Task description:
The answer must give back every line of the data exactly, with no pictures.

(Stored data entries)
──────

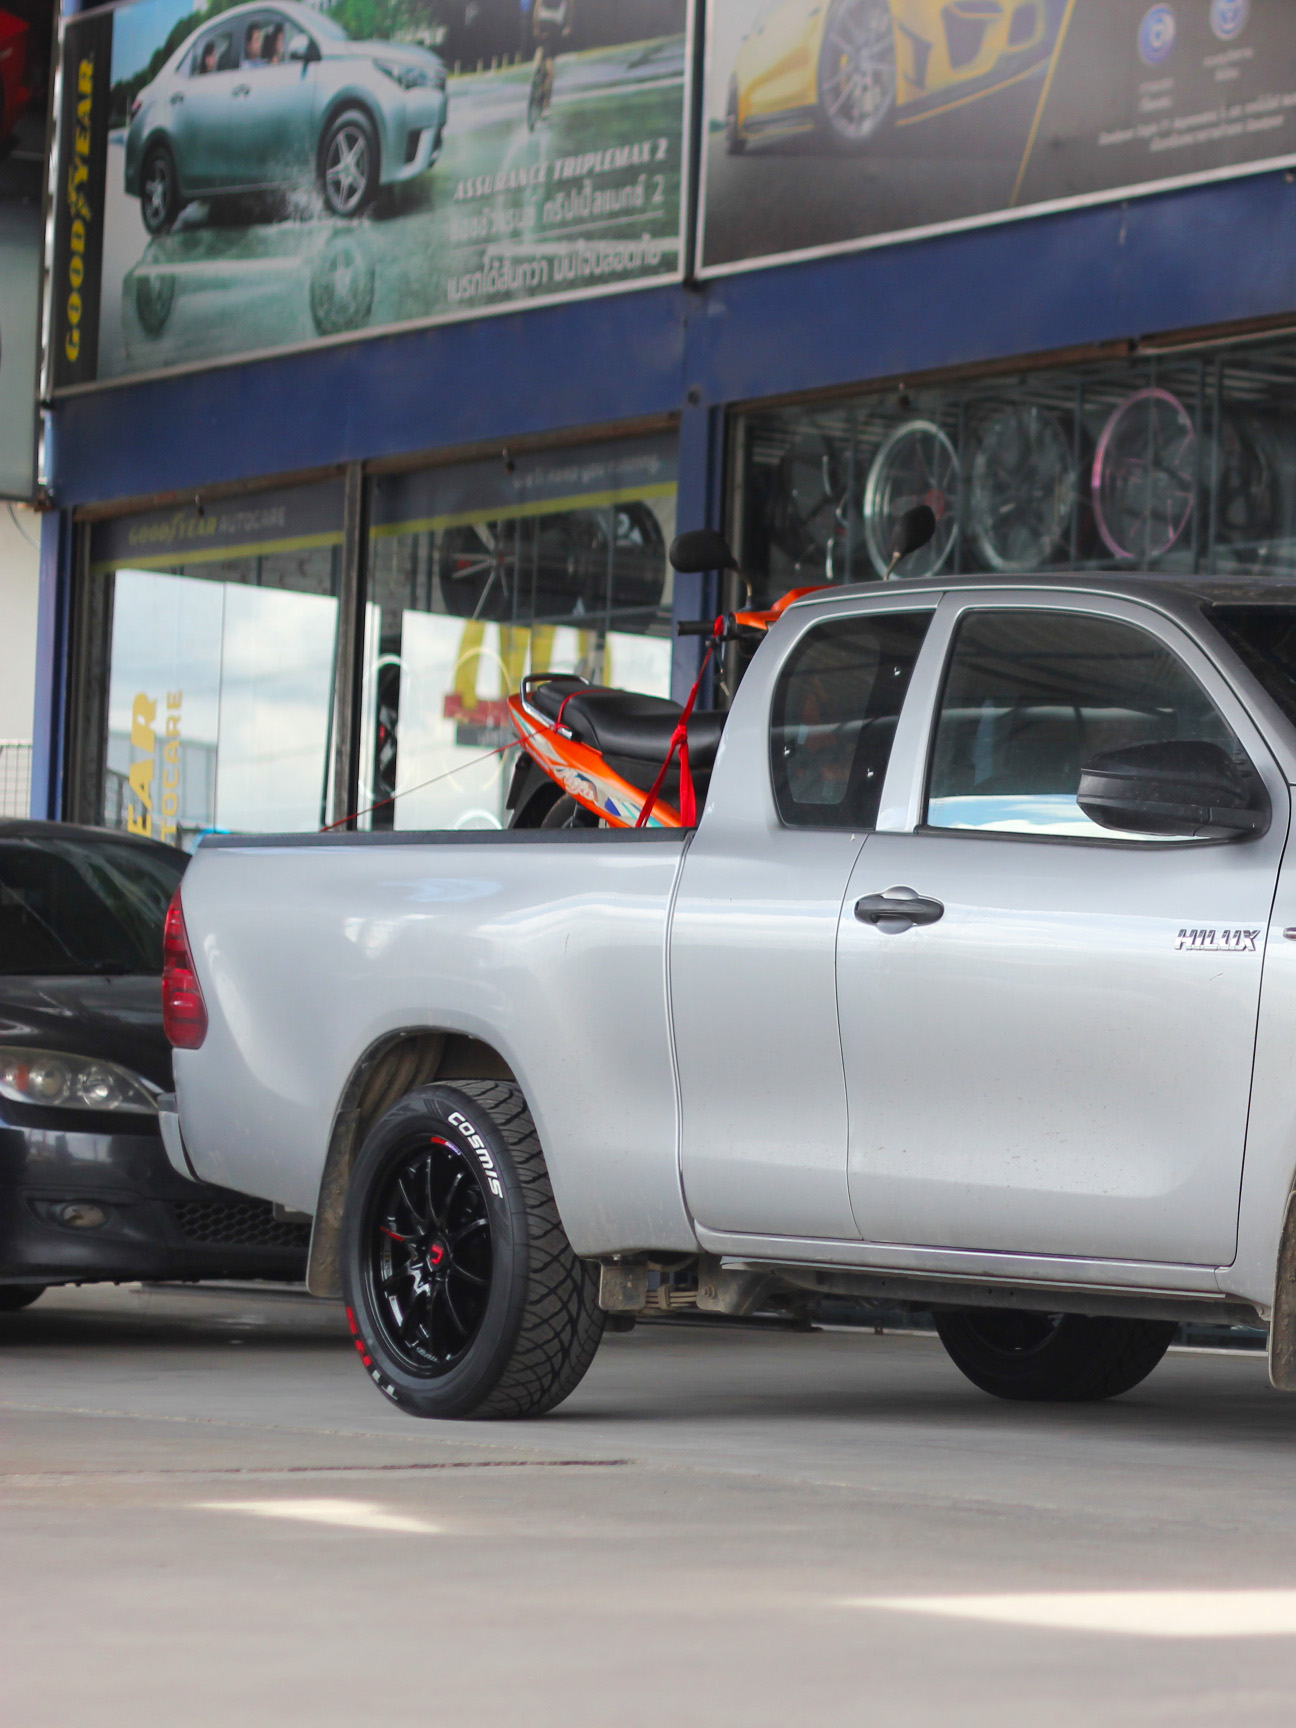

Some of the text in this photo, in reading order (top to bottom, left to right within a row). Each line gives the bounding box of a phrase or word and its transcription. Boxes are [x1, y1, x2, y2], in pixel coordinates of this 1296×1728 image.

[453, 137, 668, 201] ASSURANCE TRIPLEMAX 2
[652, 174, 665, 203] 2
[65, 54, 96, 363] GOODYEAR
[1174, 928, 1261, 952] HILUX
[448, 1111, 504, 1200] COSMIS
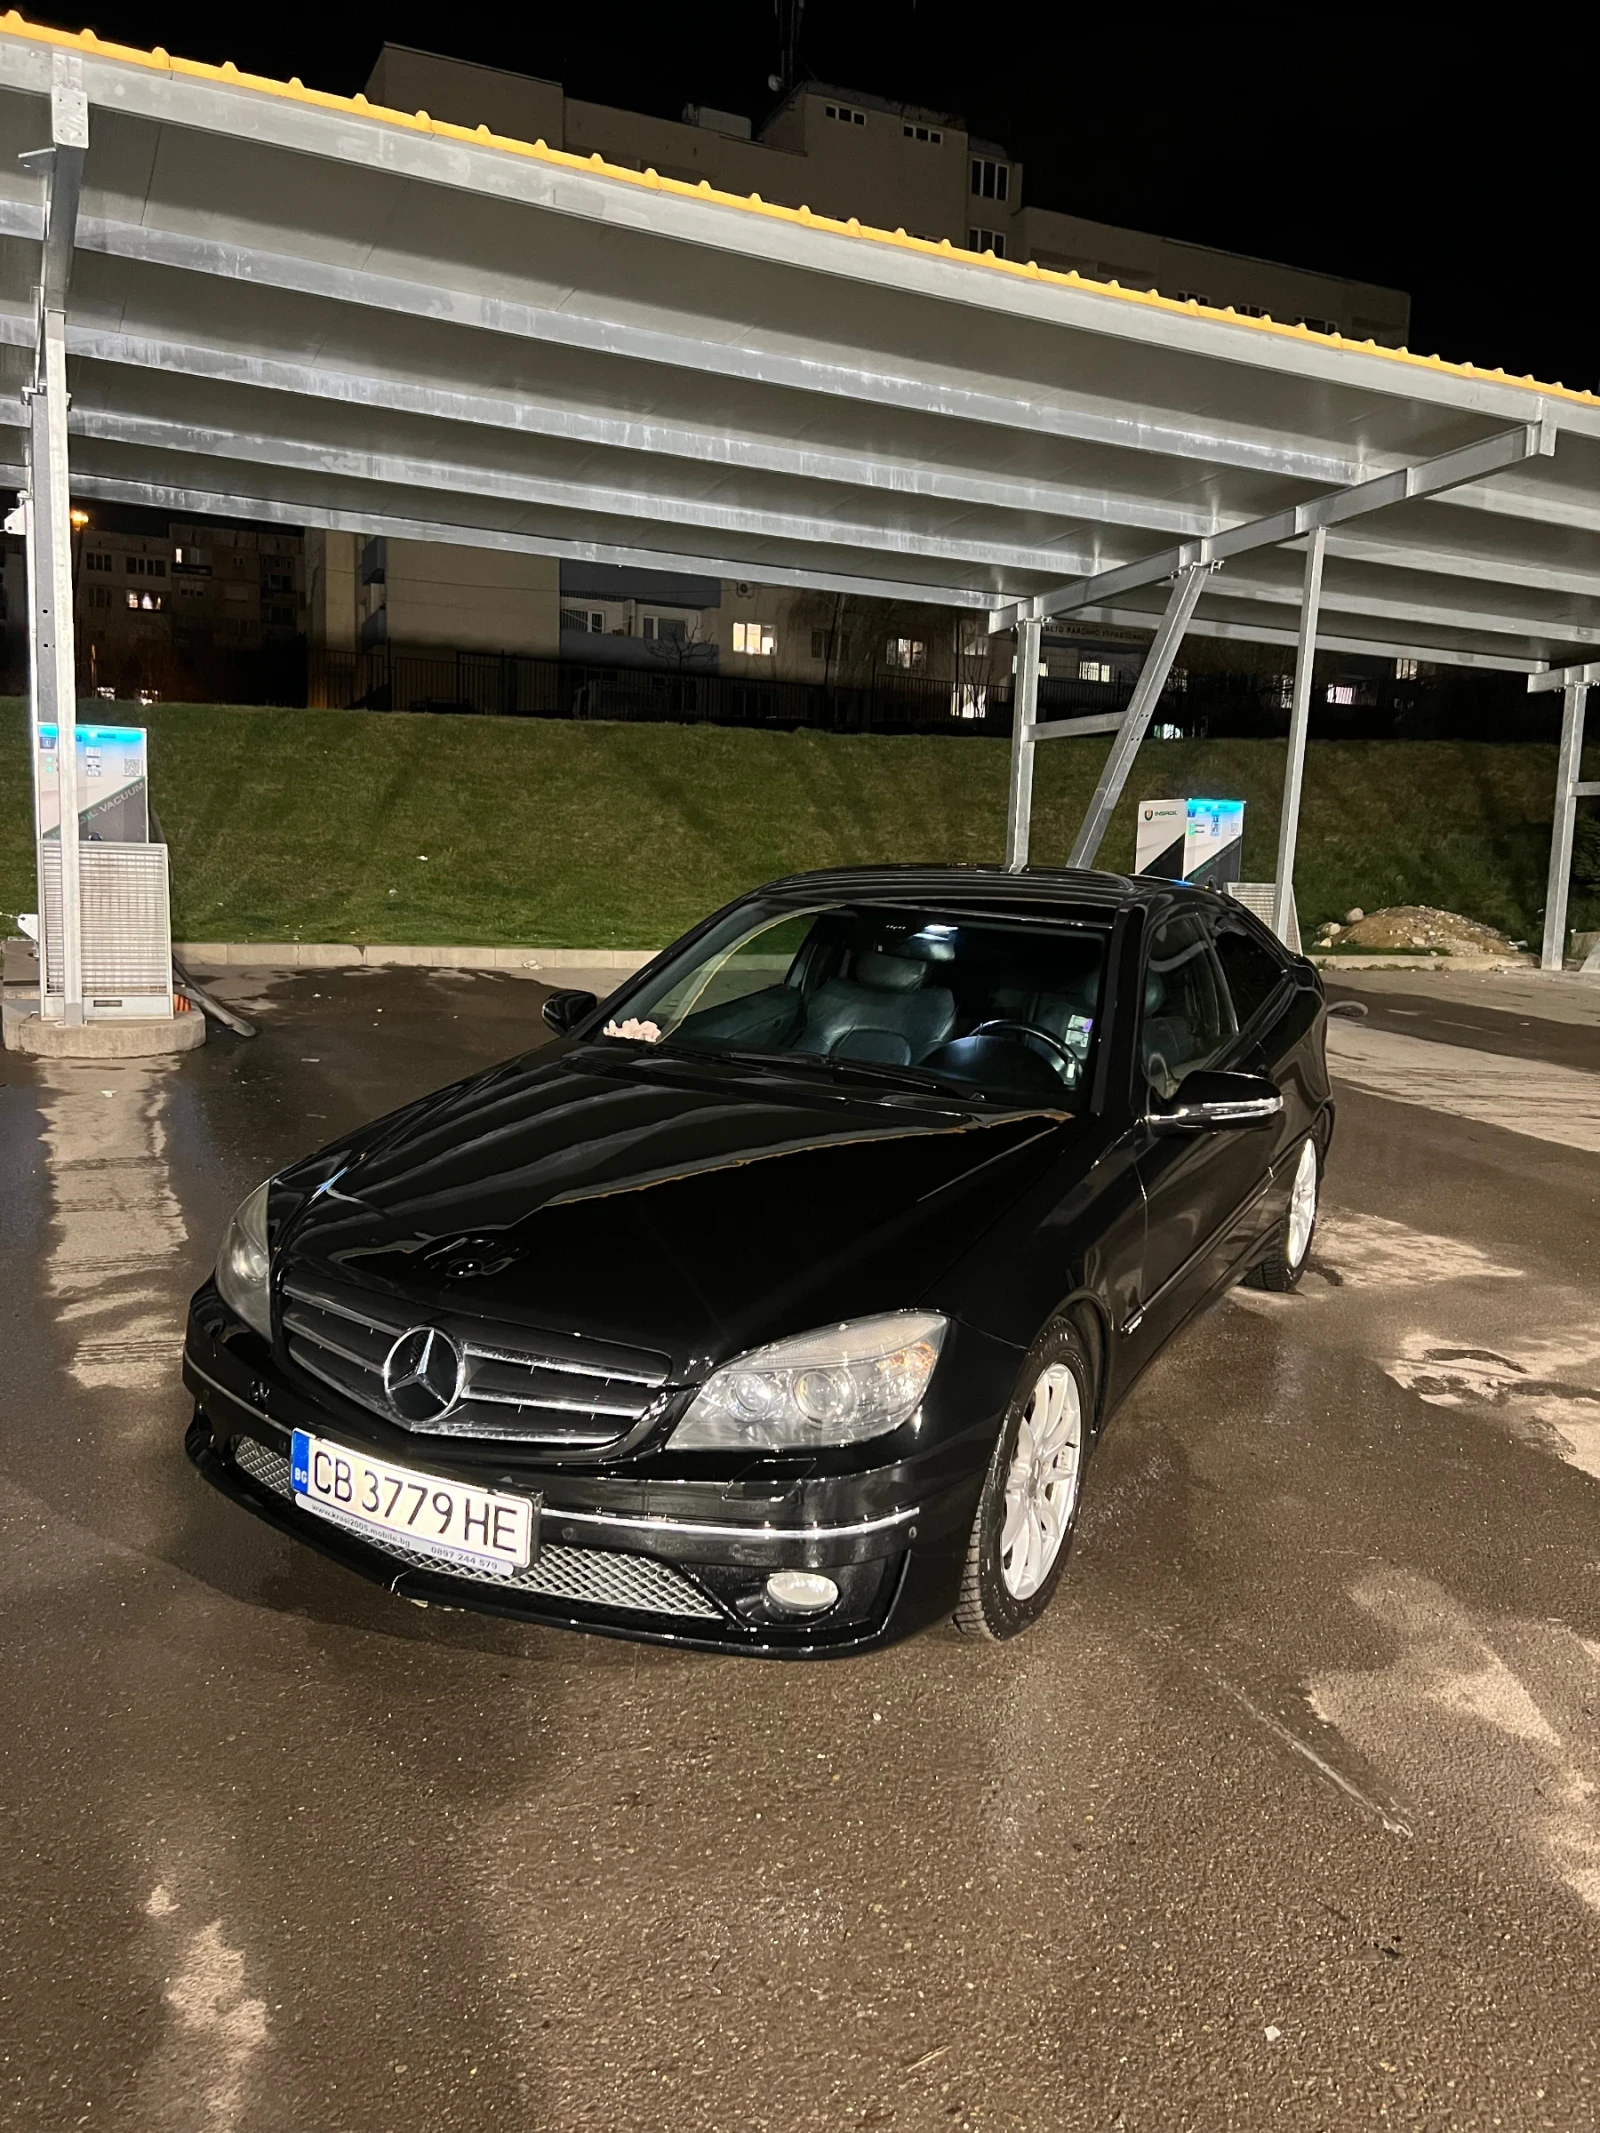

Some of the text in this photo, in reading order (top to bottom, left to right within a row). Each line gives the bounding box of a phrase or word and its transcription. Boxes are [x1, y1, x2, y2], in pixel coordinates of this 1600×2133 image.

[1066, 626, 1100, 636] РАЙОННО
[99, 782, 145, 813] VACUUM
[294, 1467, 308, 1484] BG
[313, 1450, 518, 1553] CB 3779 HE
[311, 1504, 498, 1570] www.krasi2005.mobile.bg 0897 244 579
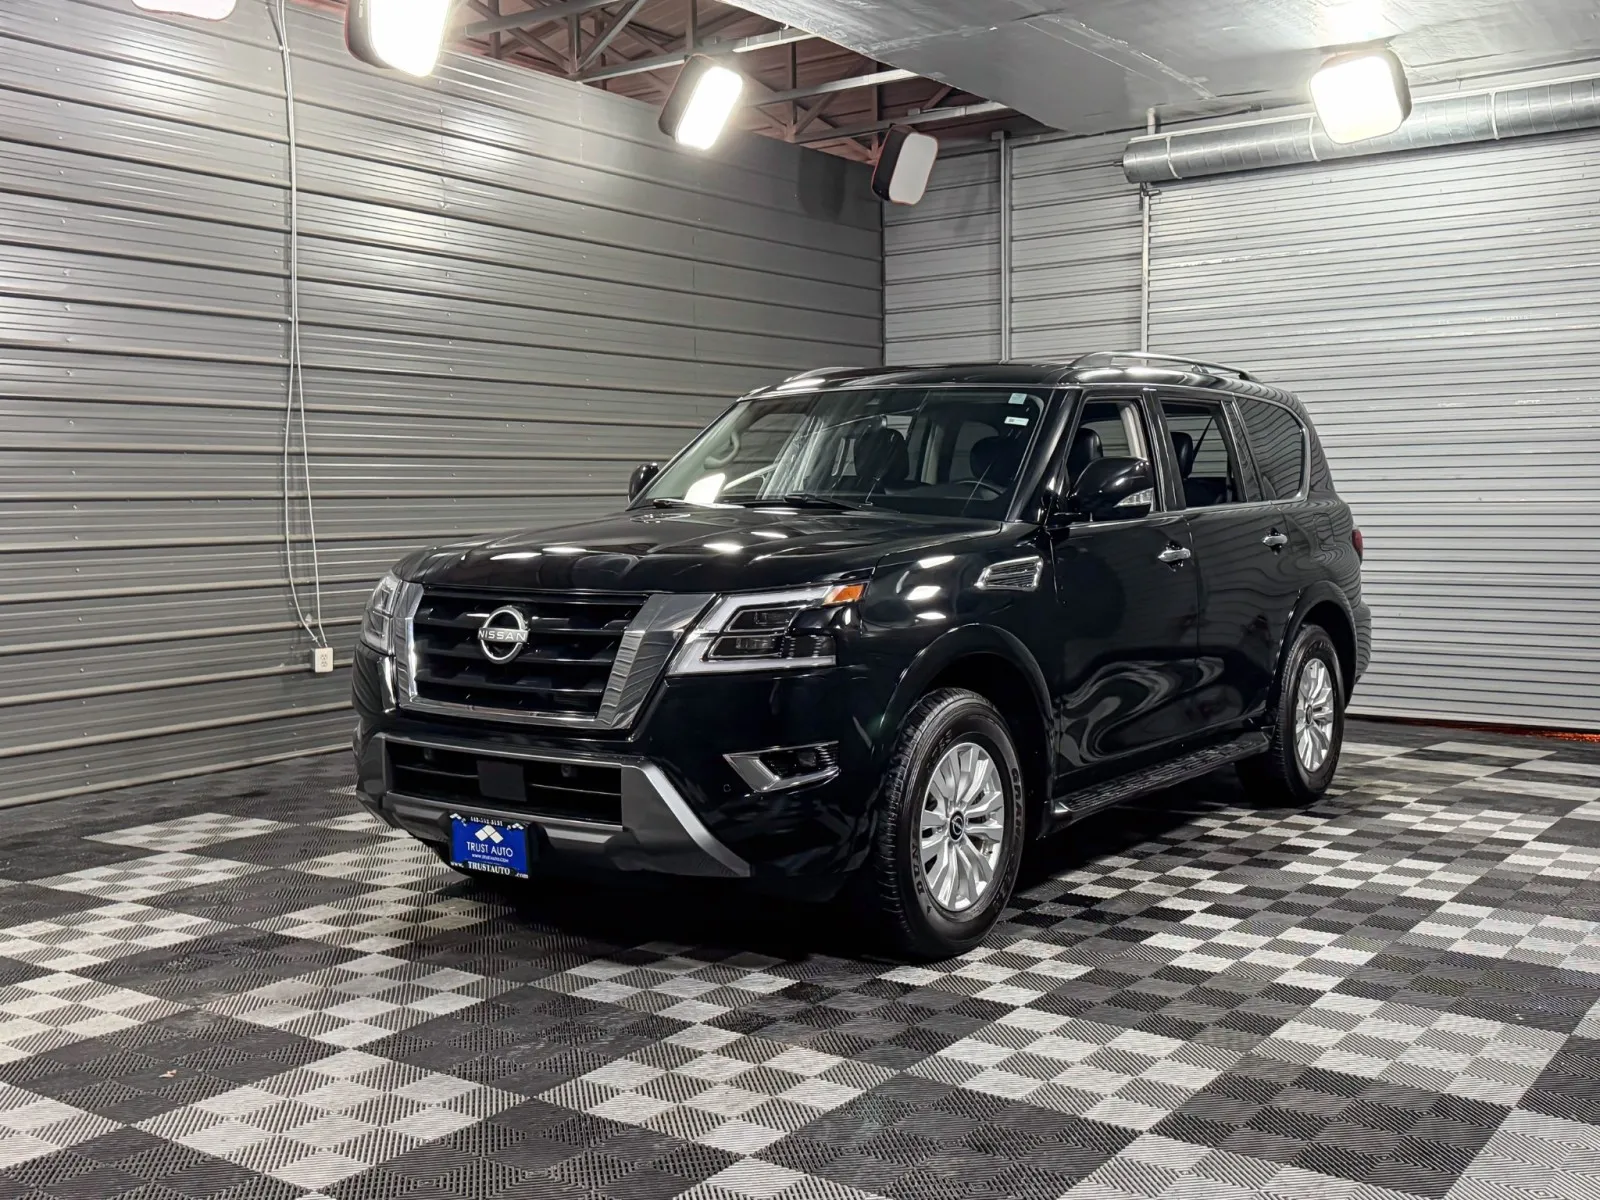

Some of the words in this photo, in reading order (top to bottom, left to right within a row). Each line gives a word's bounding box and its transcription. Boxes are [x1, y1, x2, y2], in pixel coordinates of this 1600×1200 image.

[478, 630, 527, 641] NISSAN
[466, 841, 489, 854] TRUST
[490, 845, 514, 858] AUTO
[467, 860, 511, 876] TRUSTAUTO

──────

Solution for this exercise:
Some of the text in this photo, in reading order (top to bottom, left to right within a row). Each line gives the bounding box of a phrase or word and its transcription. Boxes are [x1, y1, x2, y2], in pixel coordinates of this 1296×1728 image.

[453, 137, 668, 201] ASSURANCE TRIPLEMAX 2
[652, 174, 665, 203] 2
[65, 54, 96, 363] GOODYEAR
[1174, 928, 1261, 952] HILUX
[448, 1111, 504, 1200] COSMIS

Some of the text in this photo, in reading order (top to bottom, left to right within a row). Each line gives the bounding box of a phrase or word and its transcription. Boxes are [x1, y1, x2, y2], in pixel coordinates of this 1600×2133 image.

[1066, 626, 1100, 636] РАЙОННО
[99, 782, 145, 813] VACUUM
[294, 1467, 308, 1484] BG
[313, 1450, 518, 1553] CB 3779 HE
[311, 1504, 498, 1570] www.krasi2005.mobile.bg 0897 244 579

Some of the words in this photo, in reading order (top to bottom, left to right within a row). Each line gives a word's bounding box and its transcription. Boxes are [x1, y1, x2, y2], in pixel coordinates of this 1600×1200 image.

[478, 630, 527, 641] NISSAN
[466, 841, 489, 854] TRUST
[490, 845, 514, 858] AUTO
[467, 860, 511, 876] TRUSTAUTO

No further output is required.